Nuestro santo Padre Lázaro nació en el año 968 en un pueblo cerca de Magnesia en el río Meandro, en la región de Tesalia. Sus padres eran piadosos y  se llamaban Nicetas e Irene.


En el momento de su nacimiento, una luz cegadora llenó la casa y las mujeres salieron corriendo. Al regresar al interior, encontraron al niño mirando hacia el este, con las manos cruzadas sobre el pecho, como si estuviese rezando.

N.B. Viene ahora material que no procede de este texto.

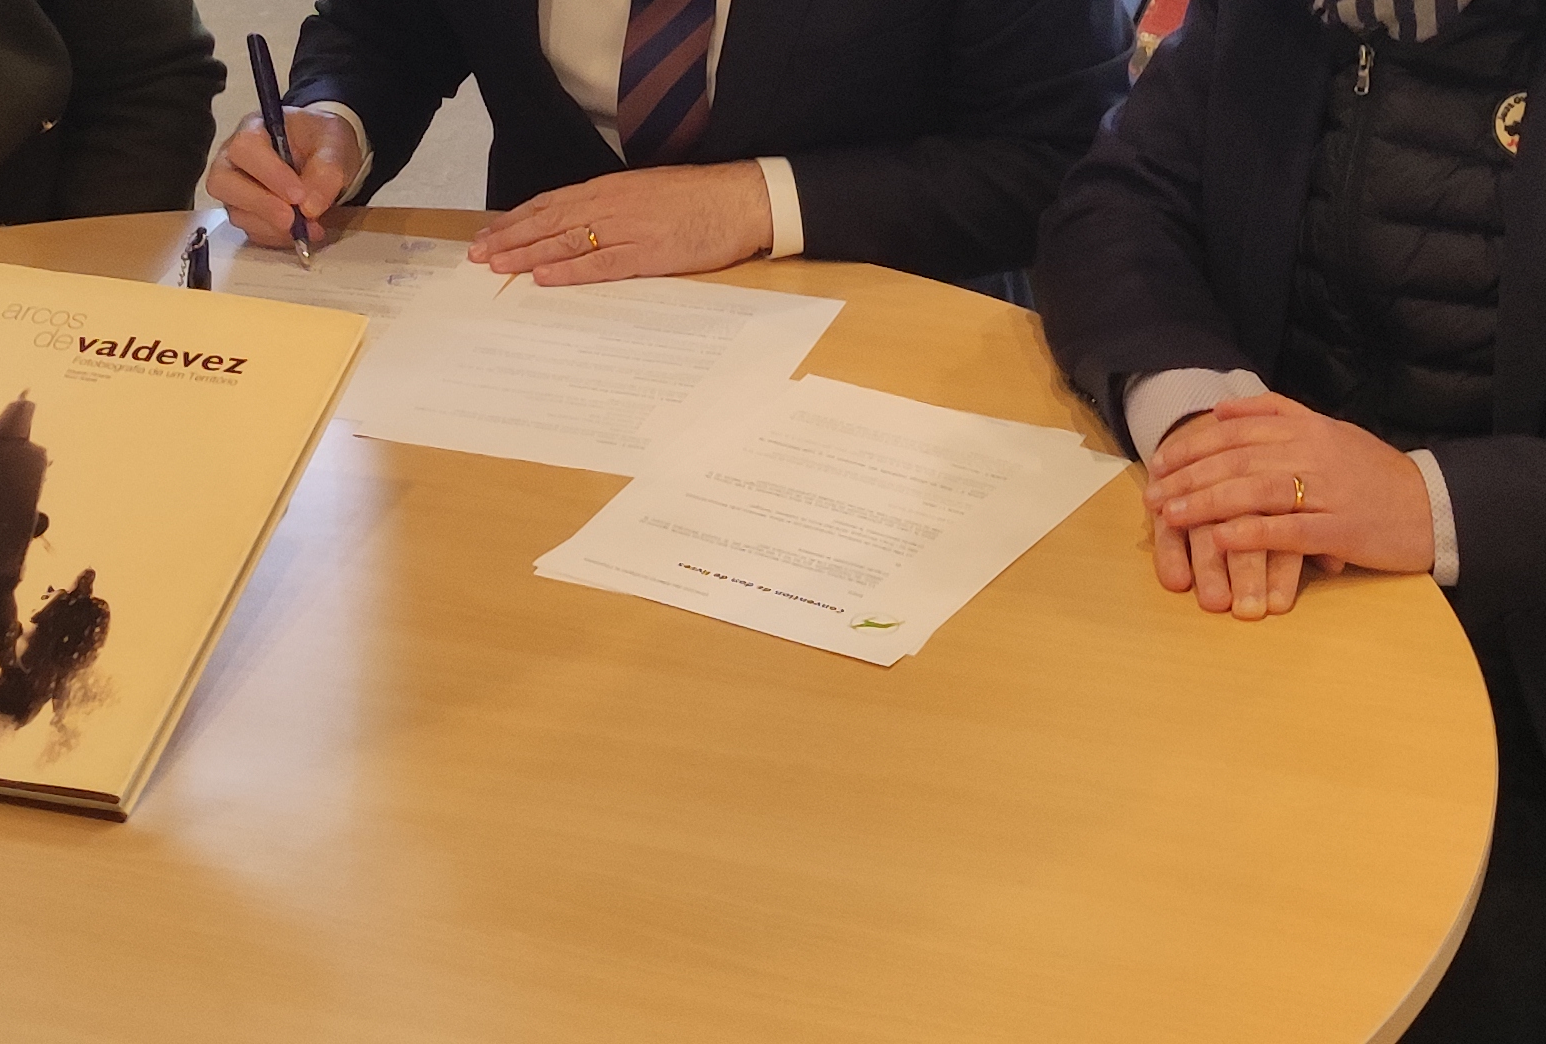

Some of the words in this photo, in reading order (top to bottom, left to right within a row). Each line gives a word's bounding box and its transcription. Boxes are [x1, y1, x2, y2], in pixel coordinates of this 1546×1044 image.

[1, 302, 88, 330] arcos
[32, 329, 75, 352] de
[77, 336, 249, 375] valdevez
[71, 355, 146, 375] Fotobiografia
[165, 369, 185, 380] um
[678, 561, 711, 576] livres
[713, 571, 728, 580] de
[731, 577, 754, 588] don
[756, 584, 772, 593] de
[774, 589, 845, 614] Convention
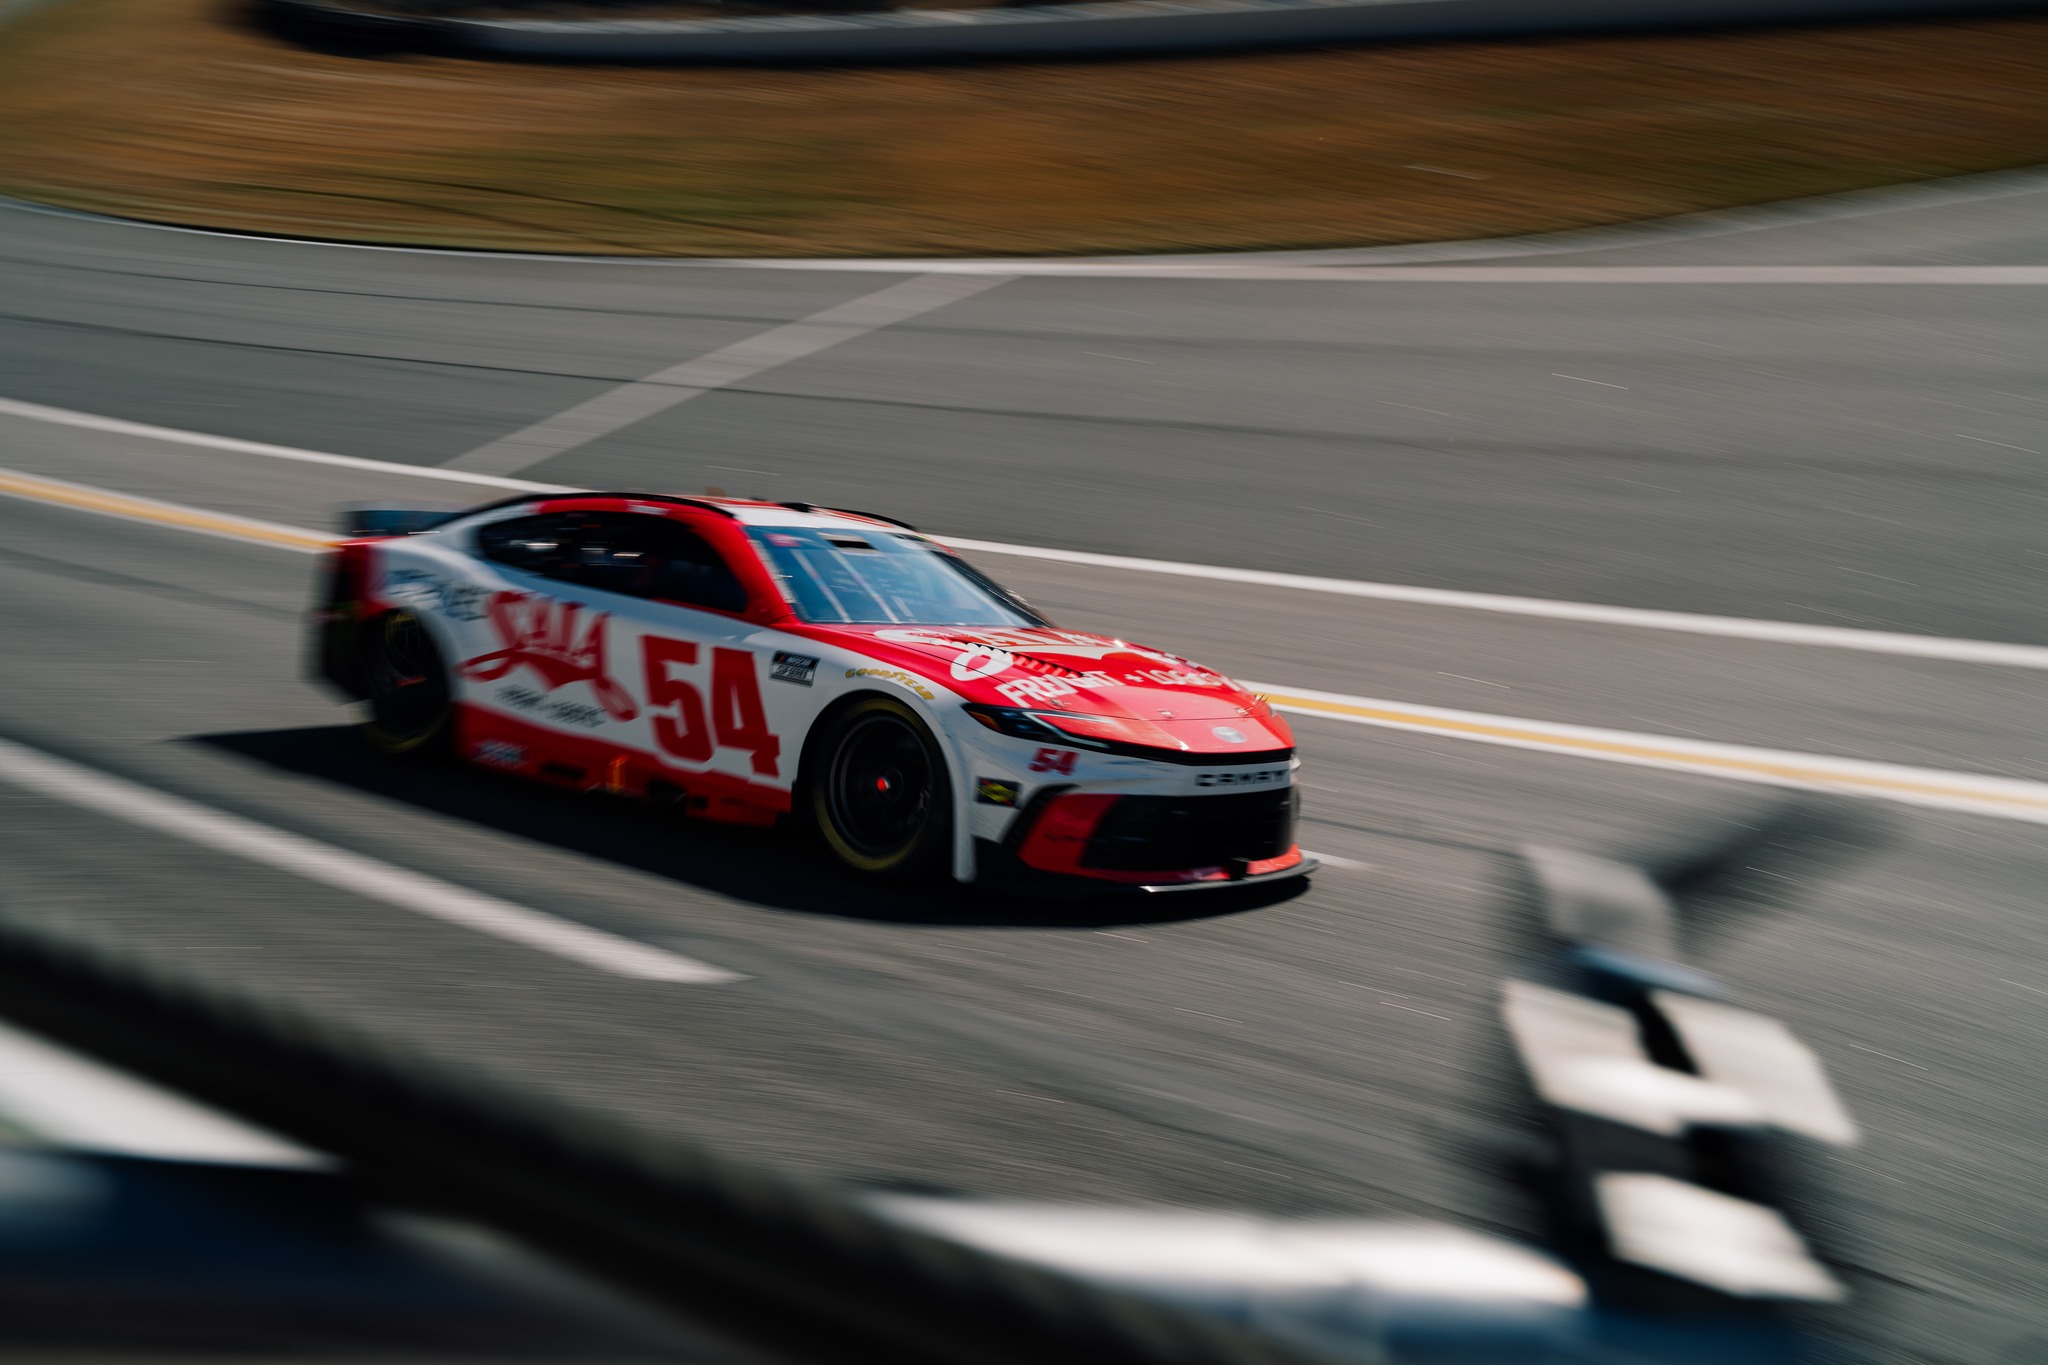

Se le dio el nombre de Leo en el santo Bautismo. Cuando tenía seis años, sus padres lo enviaron a un sacerdote llamado Leoncio para aprender a leer de los libros de la Iglesia. Tres años después, fue enviado a Orobo, donde el notario Jorge era su maestro. A la edad de doce años, su tío Elías, monje del Monasterio de Calate, se hizo cargo de su educación eclesiástica. La mansedumbre, la humildad, el amor por el estudio y, sobre todo, el celo por la oración y los oficios divinos, se notaban en Leo durante sus días de escuela. En su compasión y amor por los pobres, el niño regalaba los bienes de sus maestros a través de limosnas, y a menudo era reprendido por su generosidad. Ansiaba tanto visitar la Tierra Santa, santificada por la Pasión de Cristo, que se escapó del Monasterio. Su tío le trajo de regreso y le hizo quedarse durante dos años más antes de enviarlo al Monasterio de Estrubilión para completar sus estudios legales con un notario allí.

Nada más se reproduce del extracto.